Baseline: There were no baseline differences in age, SAA, CRP, RF status, or disease duration between the different treatment arms of the TEAR trial.

Outcomes

• Patients with RA treated with ETN/MTX had a greater reduction in SAA than patients treated with oral DMARD combination therapy even after correcting for disease activity. SAA was lower by an average of 66 ranks following treatment with ETN/MTX compared to triple oral therapy, using the mixed-effects model. The results were similar for serum CRP both by visit (p = 0.0254) and by treatment arm (p < 0.0001). Serum CRP was also lower following treatment with ETN/MTX versus triple oral therapy. With an even more pronounced mean difference than SAA, serum CRP was lower by an average of 144 ranks following treatment with ETN/MTX compared to triple oral therapy
• Across all patients and time points, models of the DAS28-ESR using SAA were better than models using CRP; lower values of the AIC and BIC indicated a better model fit. In particular, AIC takes into account the goodness of fit and the number of parameters required to achieve this. The AIC is based on the likelihood function and provides the goodness of fit for the model. comparing the AIC values for the overall model ESR versus SAA (AIC = 6854) with ESR versus CRP (AIC = 7159.3) indicates that the former model provides the better fit (the ΔAIC between the models was 305).

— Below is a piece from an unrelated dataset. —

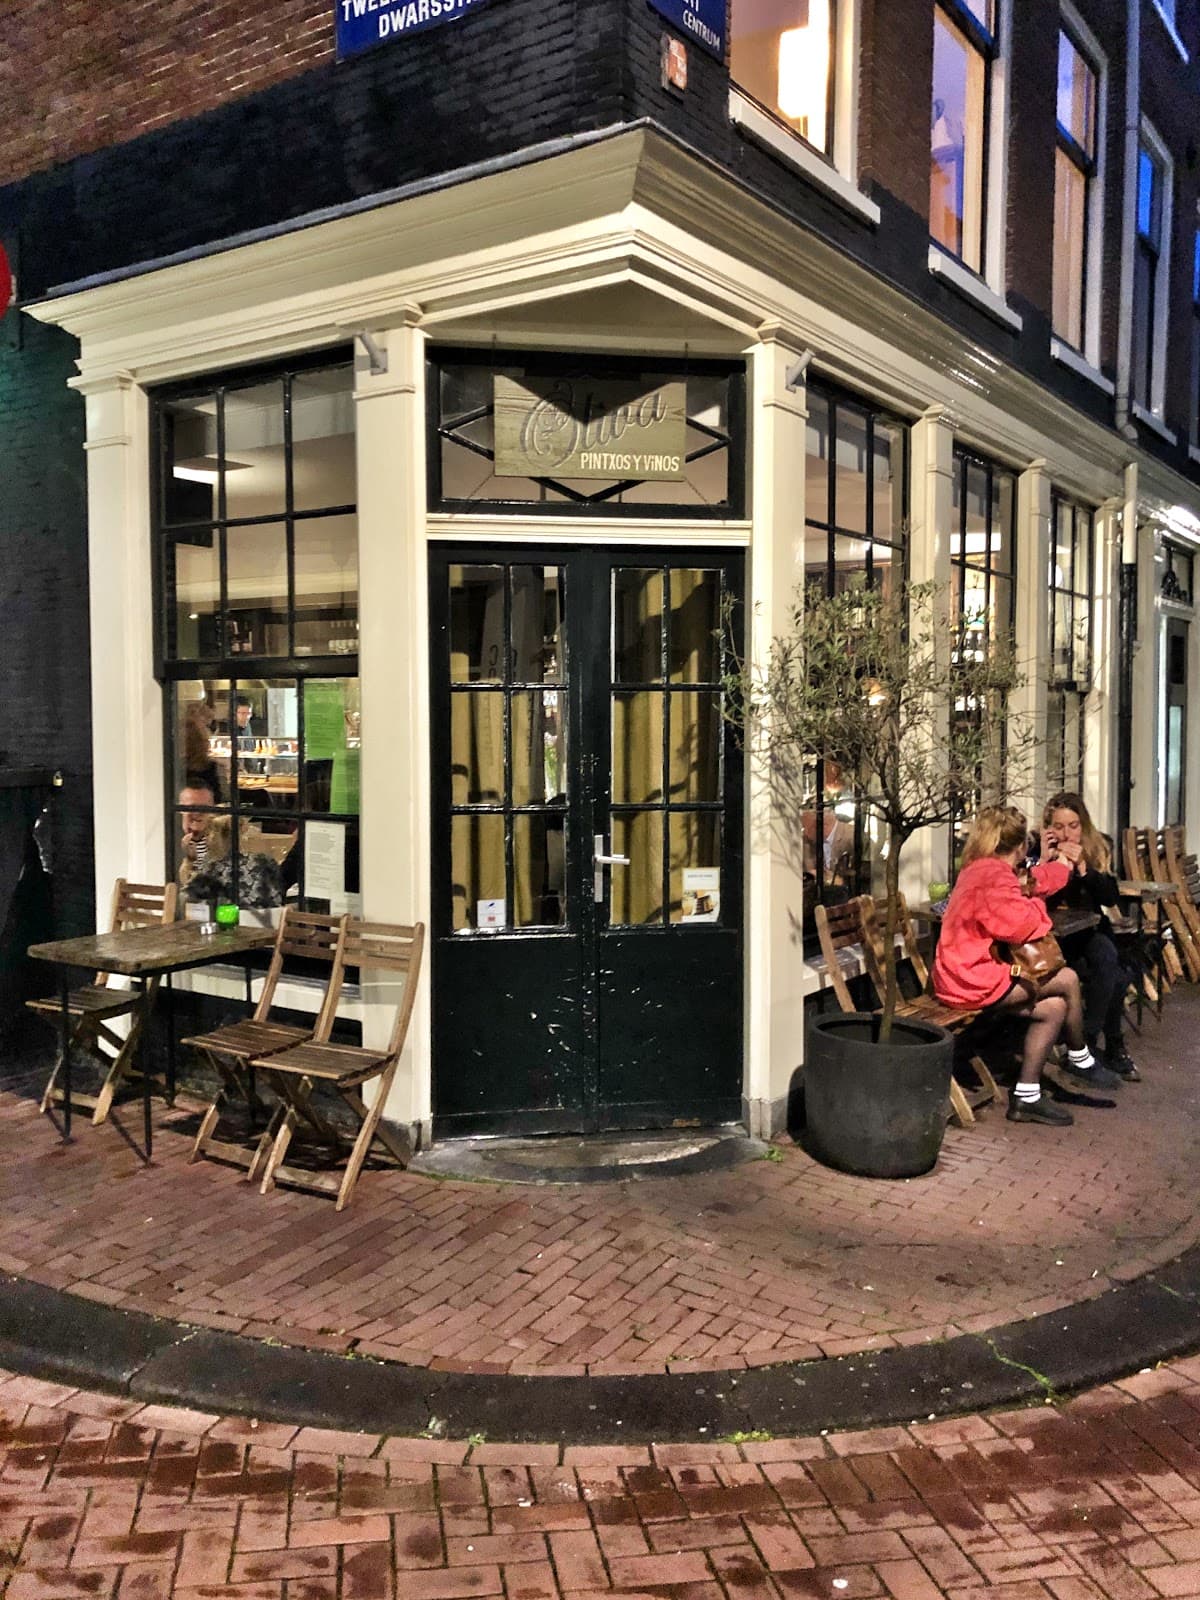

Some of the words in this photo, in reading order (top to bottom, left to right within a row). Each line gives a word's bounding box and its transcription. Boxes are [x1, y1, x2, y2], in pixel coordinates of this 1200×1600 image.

The model of DAS28-ESR using SAA was associated with an approximately sixfold better fit versus the CRP model for patients treated with ETN/MTX, and an approximately fivefold better fit versus the CRP model for patients treated with oral DMARDs (ΔAIC = 159 versus ΔAIC = 137, respectively).

Table 1: Determining model fit for rheumatoid arthritis disease activity (as measured by the DAS28-ESR) by serum SAA and CRP

For patients with RA in the TEAR trial, both CRP and SAA serum levels decreased over time with treatment, particularly in the MTX/ETN group. Patients with RA treated with ETN/MTX had a greater reduction in SAA than patients treated with oral DMARD therapy, even after correcting for disease activity. This suggests that SAA may be a better biomarker for RA disease activity than CRP, especially during treatment with TNF antagonists.

The findings of the study are consistent with previous studies that showed greater reduction in SAA with different combination therapies such as golimumab (golimumab + MTX vs MTX alone) or tofacitinib (tofacitinib + MTX vs tofacitinib monotherapy). In an observational study of 50 consecutive patients with RA treated with long-term leflunomide, the reduction in SAA was transient, as it was no longer observed after 6 months, in spite of reduced disease activity.